• _TASK REQUIREMENTS_
From the first line to the last, restate every record word for word, leaving out the pictures.

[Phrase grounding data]
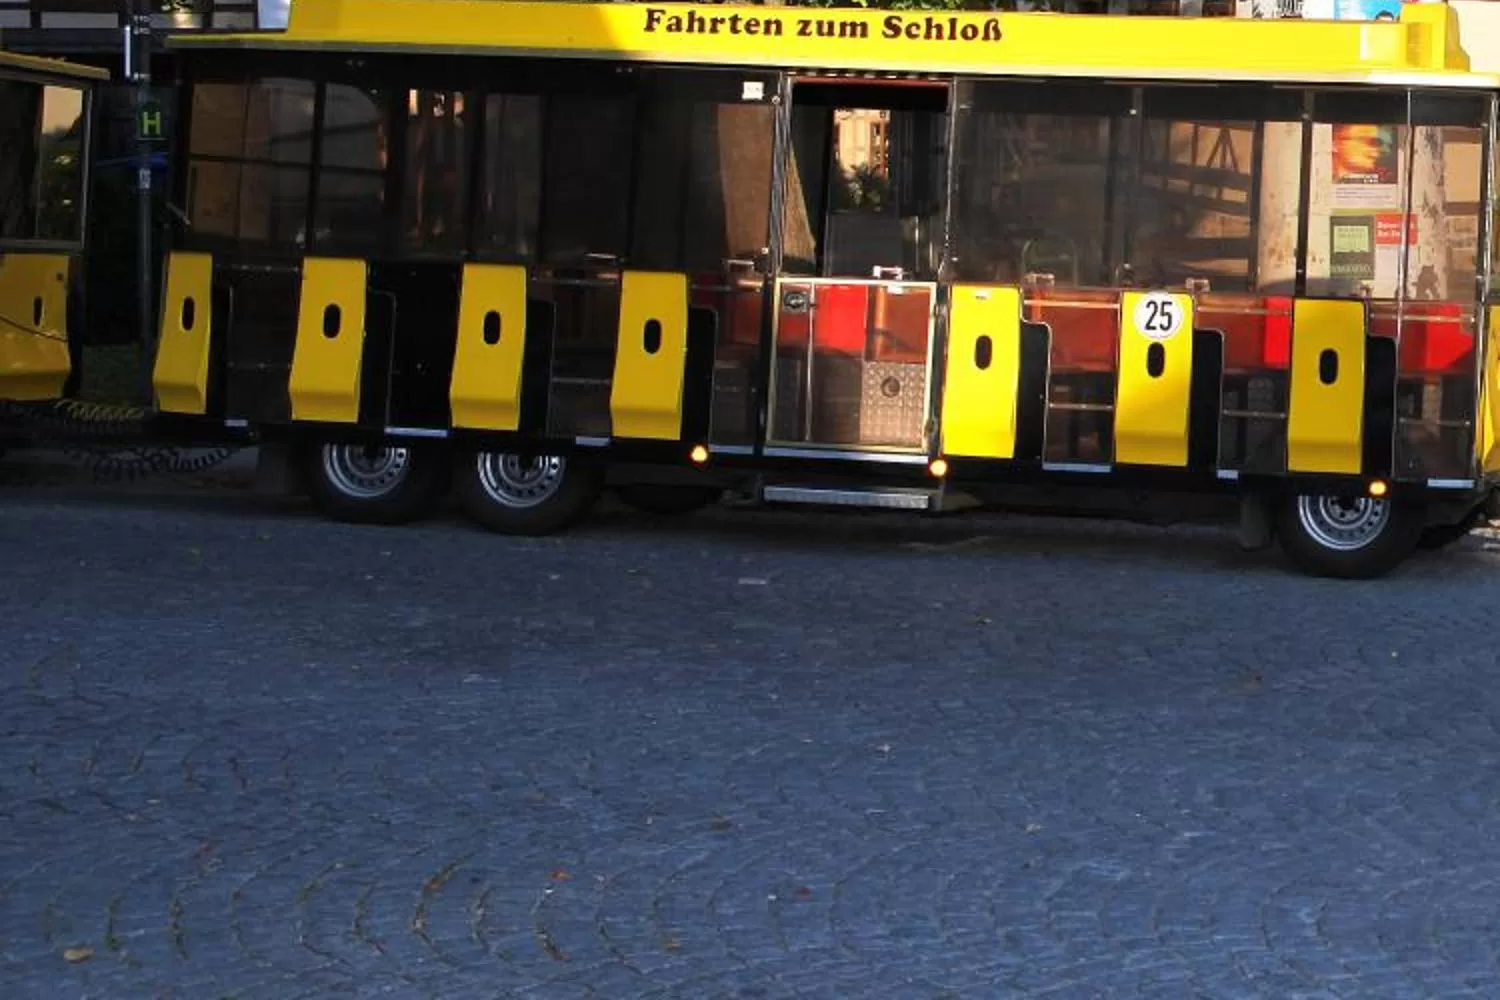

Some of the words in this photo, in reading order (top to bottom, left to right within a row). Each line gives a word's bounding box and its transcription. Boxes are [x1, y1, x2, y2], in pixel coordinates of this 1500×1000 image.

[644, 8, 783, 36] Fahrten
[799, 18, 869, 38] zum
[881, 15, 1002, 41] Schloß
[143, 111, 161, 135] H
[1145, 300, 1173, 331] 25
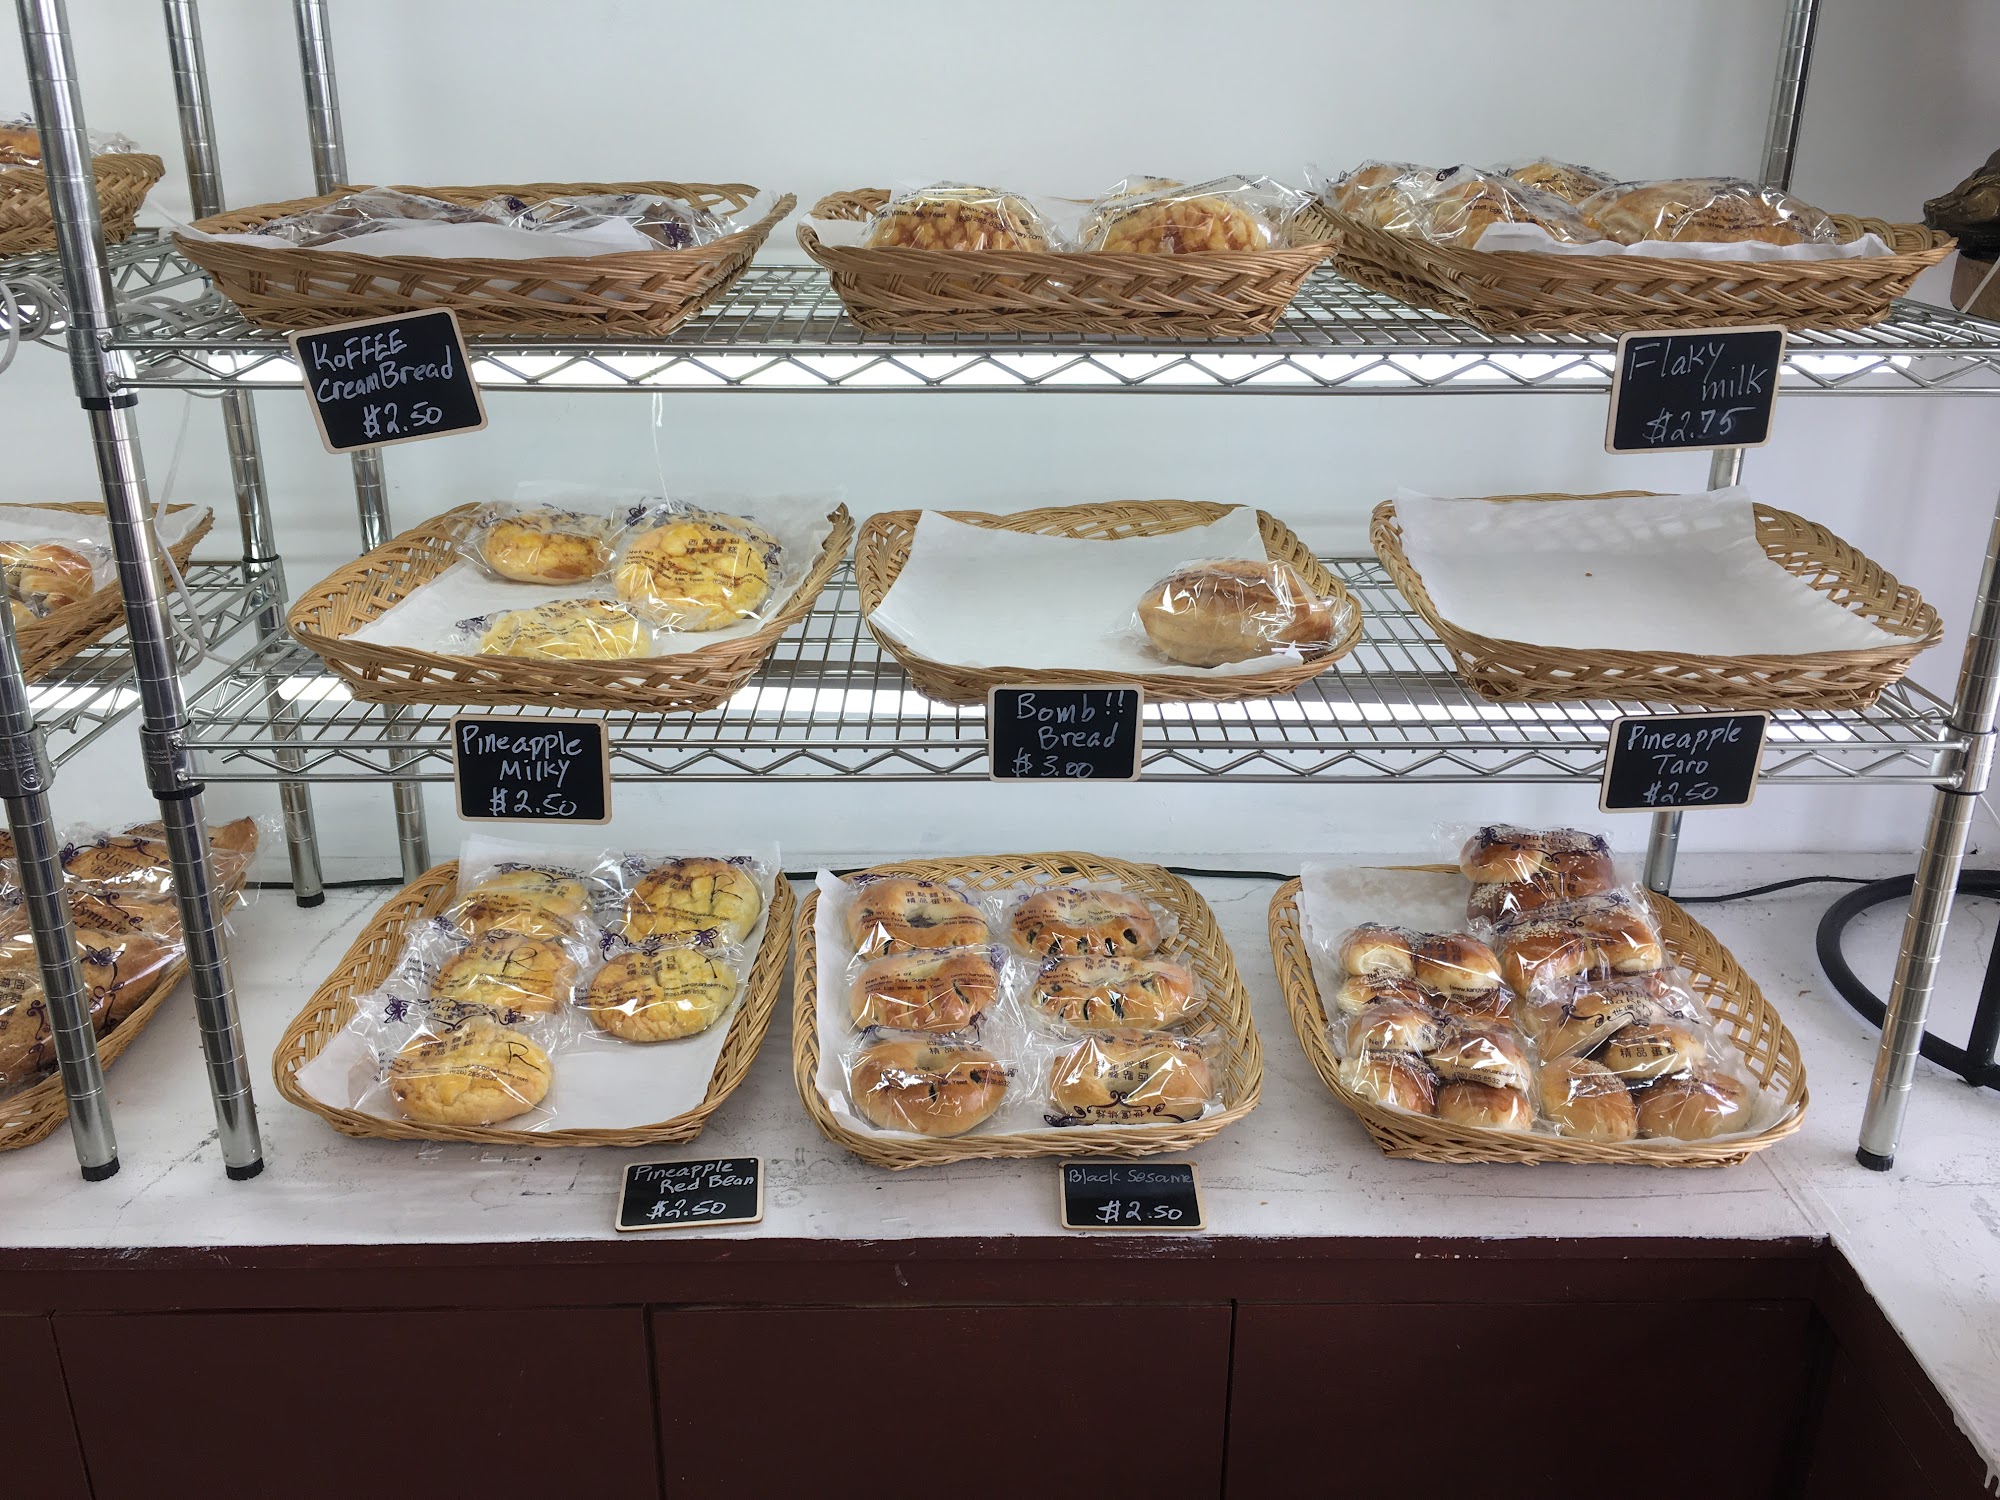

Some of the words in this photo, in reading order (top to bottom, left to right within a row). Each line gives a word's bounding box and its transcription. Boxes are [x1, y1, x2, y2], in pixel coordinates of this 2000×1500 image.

• _SOLUTION TO THE EXERCISE_
Some of the words in this photo, in reading order (top to bottom, left to right within a row). Each line gives a word's bounding box and its transcription. Boxes are [x1, y1, x2, y2], in pixel coordinates of this 1500×1000 image.

[644, 8, 783, 36] Fahrten
[799, 18, 869, 38] zum
[881, 15, 1002, 41] Schloß
[143, 111, 161, 135] H
[1145, 300, 1173, 331] 25

Some of the words in this photo, in reading order (top to bottom, left to right within a row). Each line gives a word's bounding box and its transcription. Boxes are [x1, y1, x2, y2], in pixel coordinates of this 2000×1500 image.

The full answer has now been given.